• _MATERIAL PROVIDED_
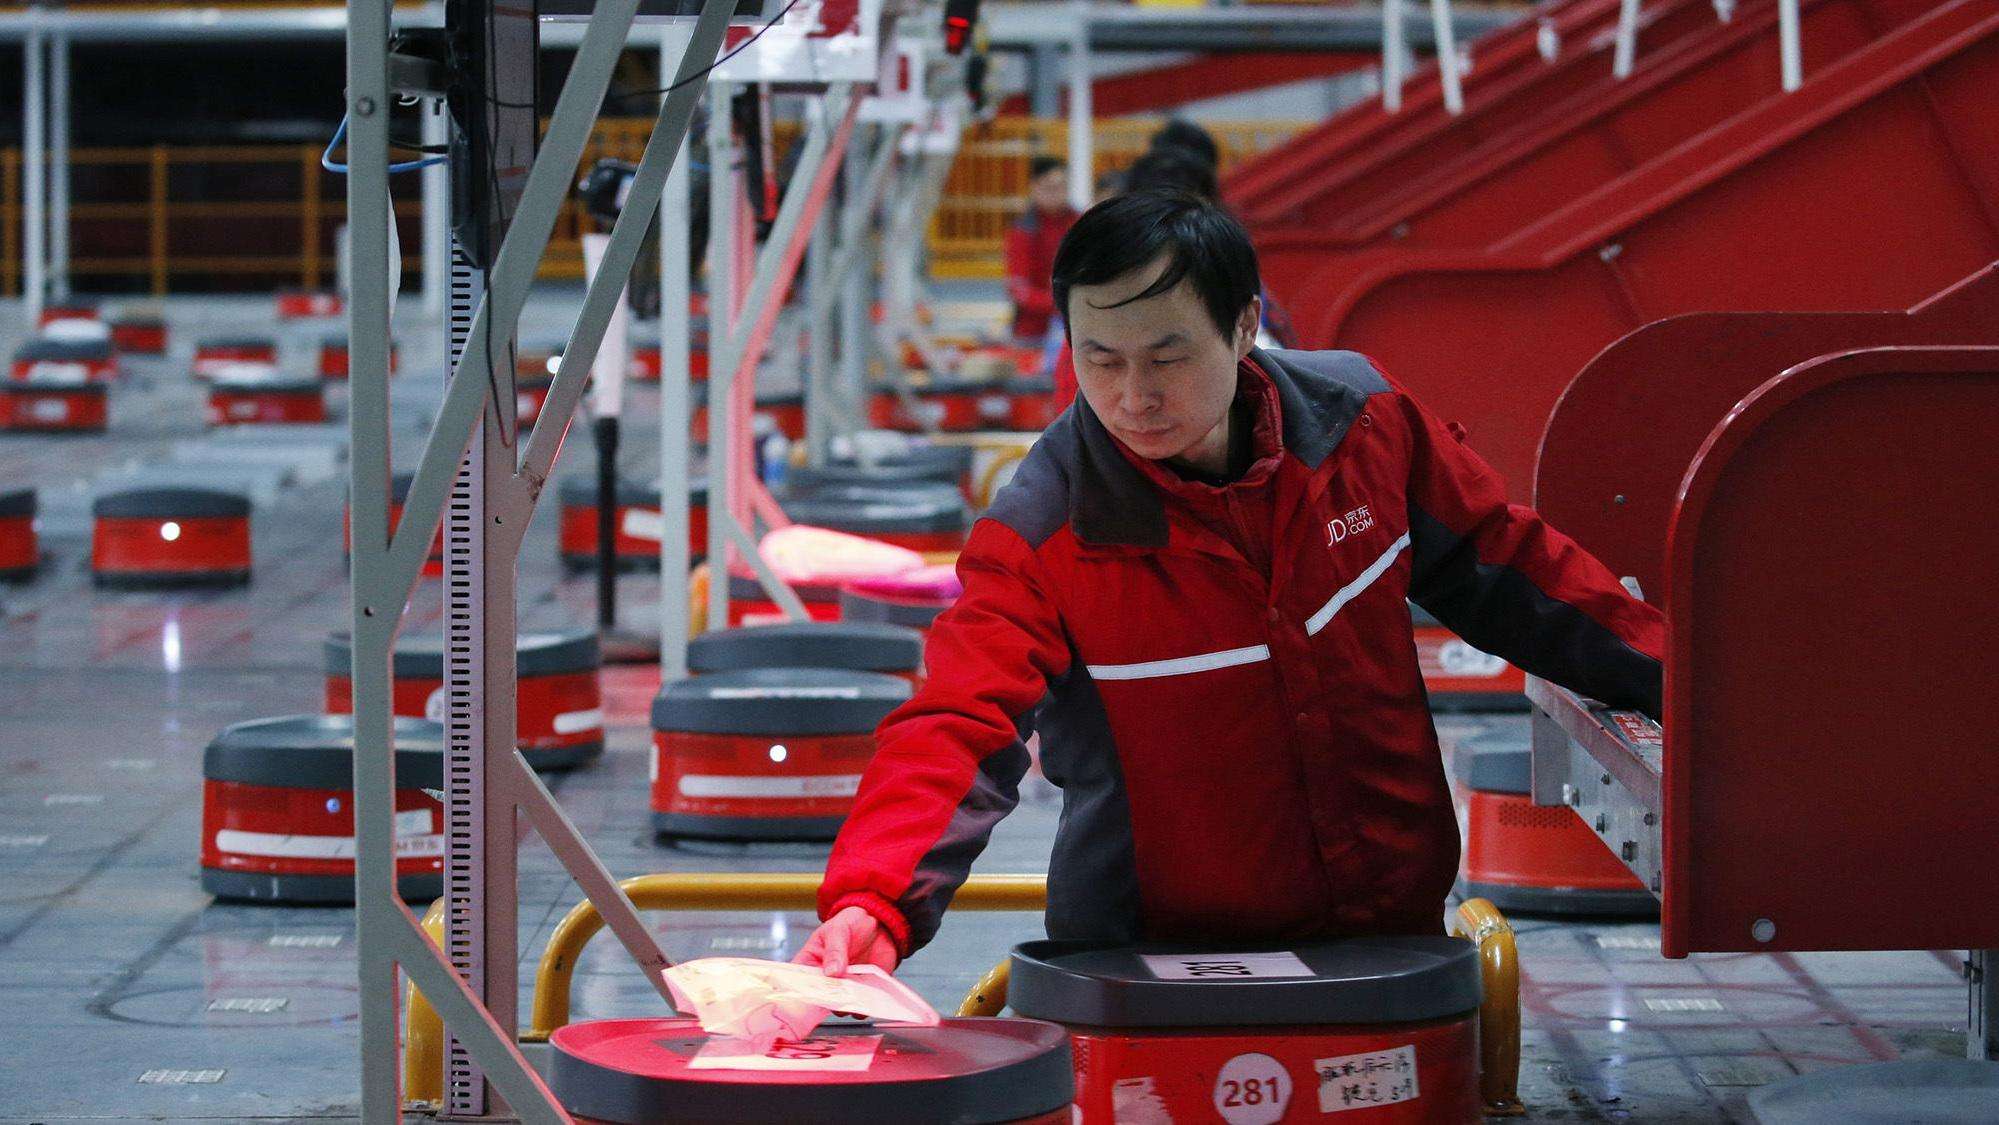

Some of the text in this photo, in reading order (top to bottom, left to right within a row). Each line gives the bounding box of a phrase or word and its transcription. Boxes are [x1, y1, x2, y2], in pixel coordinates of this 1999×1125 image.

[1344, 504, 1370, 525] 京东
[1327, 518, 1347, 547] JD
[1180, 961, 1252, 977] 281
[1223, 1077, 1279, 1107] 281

• _YOUR GOAL_
With the pictures omitted, restate every entry above word for word.

• _FINAL ANSWER_
Some of the text in this photo, in reading order (top to bottom, left to right within a row). Each line gives the bounding box of a phrase or word and its transcription. Boxes are [x1, y1, x2, y2], in pixel coordinates of this 1999×1125 image.

[1344, 504, 1370, 525] 京东
[1327, 518, 1347, 547] JD
[1180, 961, 1252, 977] 281
[1223, 1077, 1279, 1107] 281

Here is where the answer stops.